All In Favor of Equal Opportunity!

December 3 | Posted by mrossol | American Thought, The Left, Unions, US Courts

Louisiana Judge Timothy Kelley sure is a fast writer. Only hours after the end of a two-day trial, the Balzac of the judiciary rolled out a 39-page opinion striking down the state’s pioneering voucher program as unconstitutional. Could it be that he knew how he was going to rule before the trial?

The state district judge in Baton Rouge ruled that the program is illegal because it pays for the vouchers through the state’s Minimum Foundation Program, which “equitably distributes” state funds for individual school districts. He conceded that the vouchers are intended to help students escape awful schools, but he said this “ignores the good of the individual students who are left behind in those schools deemed underperforming.”

In other words, better that all students fail together, rather than let parents take the money that is supposed to go to public education and try to get their child actually educated.
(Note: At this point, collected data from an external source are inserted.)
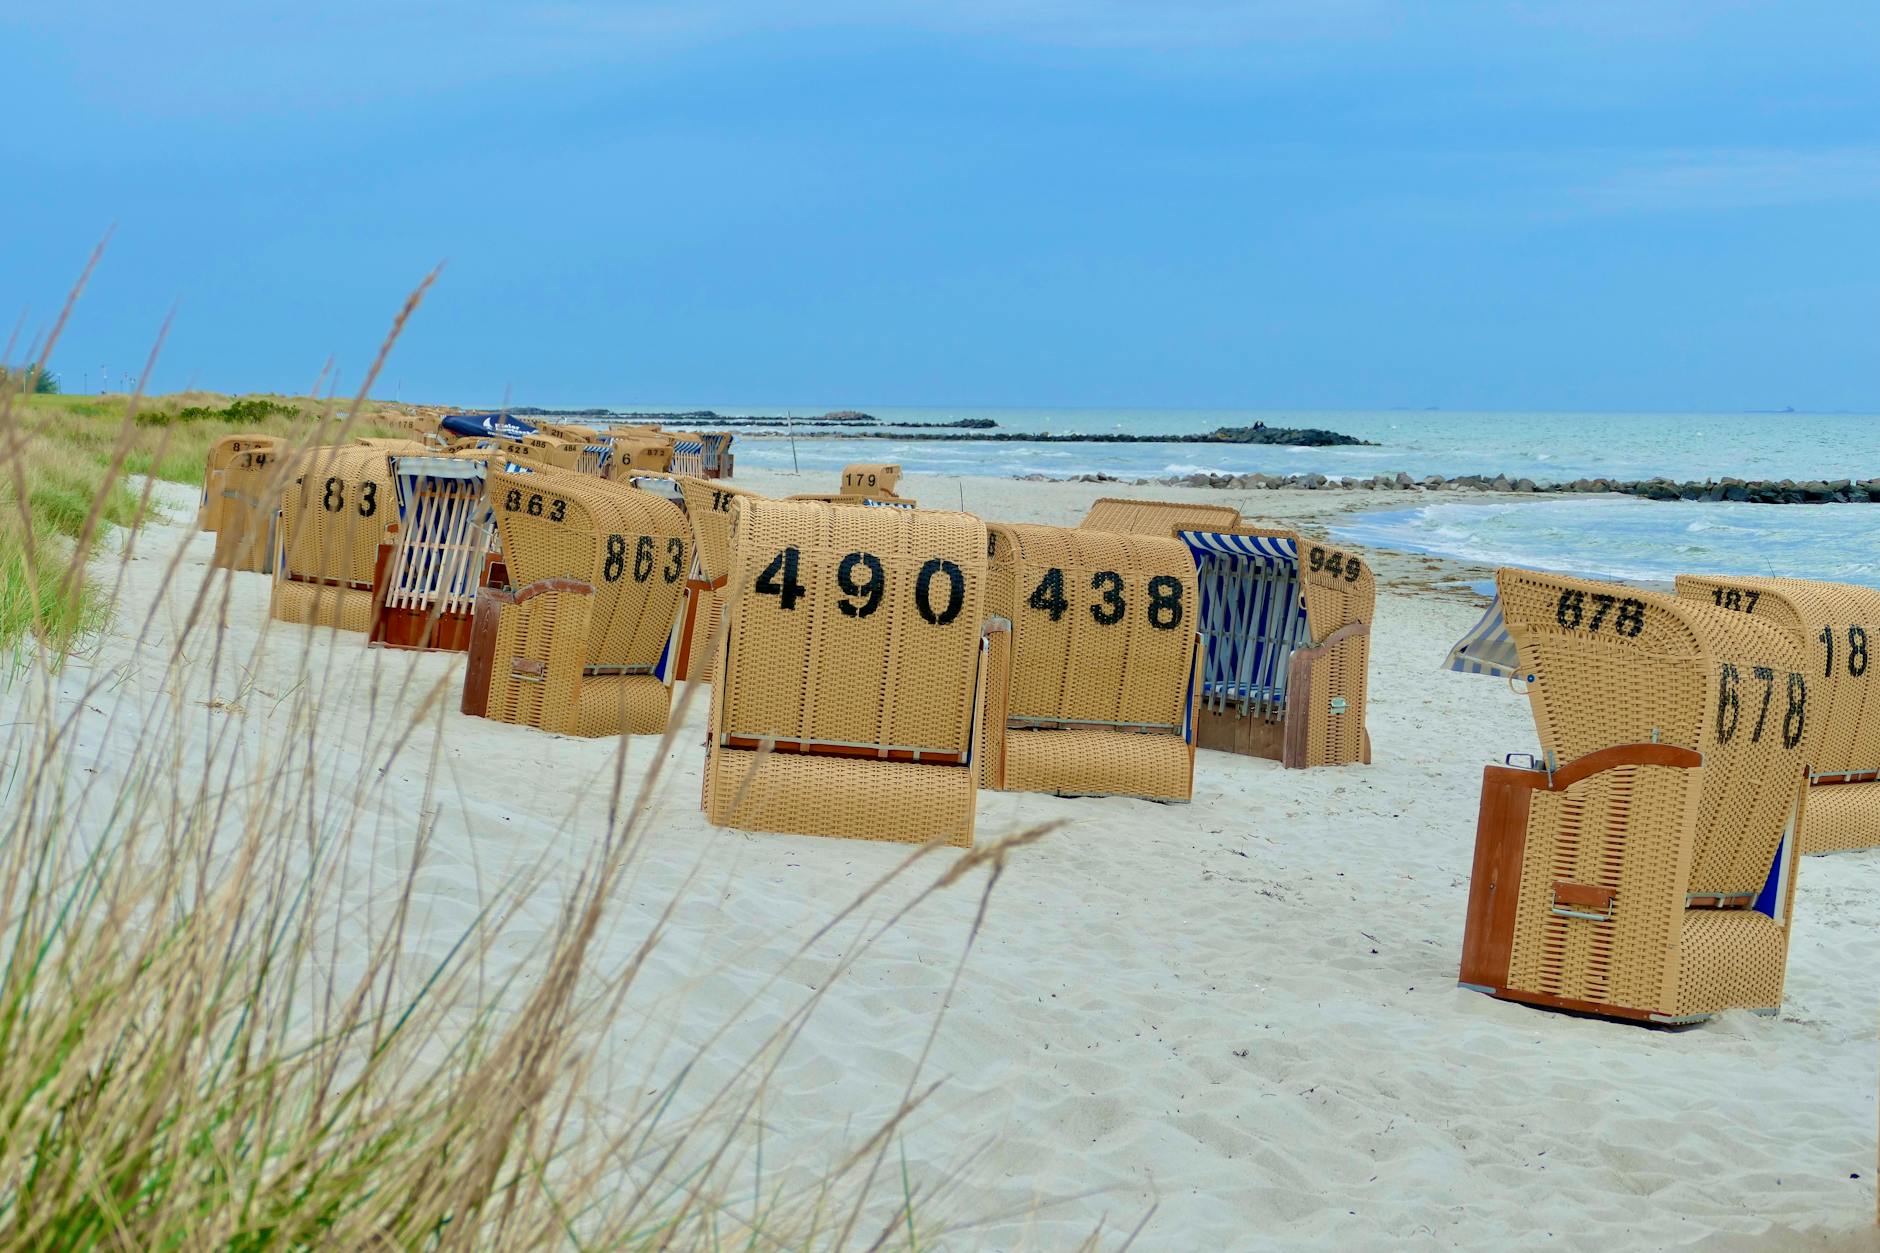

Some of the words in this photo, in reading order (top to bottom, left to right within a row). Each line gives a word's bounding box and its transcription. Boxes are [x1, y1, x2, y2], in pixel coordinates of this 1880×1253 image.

[622, 453, 631, 465] 6
[845, 474, 876, 487] 179
[505, 488, 567, 522] 863
[603, 534, 685, 584] 863
[1309, 547, 1361, 582] 949
[755, 544, 966, 626] 490
[1028, 567, 1184, 630] 438
[1712, 588, 1761, 615] 187
[1556, 588, 1646, 637] 678
[1819, 623, 1869, 678] 18
[1716, 662, 1808, 750] 678
This is the kind of perverse egalitarianism promoted by the teachers unions that brought the lawsuit. No student can ever escape their clutches, lest parents discover that maybe there’s a better way.
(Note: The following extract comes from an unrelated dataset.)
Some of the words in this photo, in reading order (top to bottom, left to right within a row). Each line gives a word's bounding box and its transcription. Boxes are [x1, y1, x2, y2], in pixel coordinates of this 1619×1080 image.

Louisiana’s program only covers about 4,900 students because in its first year it was limited because of space constraints. The size of the voucher differs by districts, but in many cases the cost of private tuition is less than the state allocates per student as part of its Minimum Foundation Program. The 11-year-old student we wrote about last week, Gabriel Evans, received a voucher of only $4,315 to attend a Catholic school.

The good news is that Governor Bobby Jindal and the Institute for Justice plan to appeal and have reason to think they’ll prevail. The Minimum Foundation Program already includes funding for non-district-operated public schools and uses state money beyond an “equitable” amount. The appeal notice will also suspend the trial judge order until the appeal is heard so the students won’t have to change schools midyear.

But that hardly mitigates the disgrace that a reform passed on a bipartisan vote to save children from one of the developed world’s worst school systems has to go through such travails. Where are the liberals who claim to favor equal opportunity?

A version of this article appeared December 3, 2012, on page A16 in the U.S. edition of The Wall Street Journal, with the headline: Lost in Louisiana.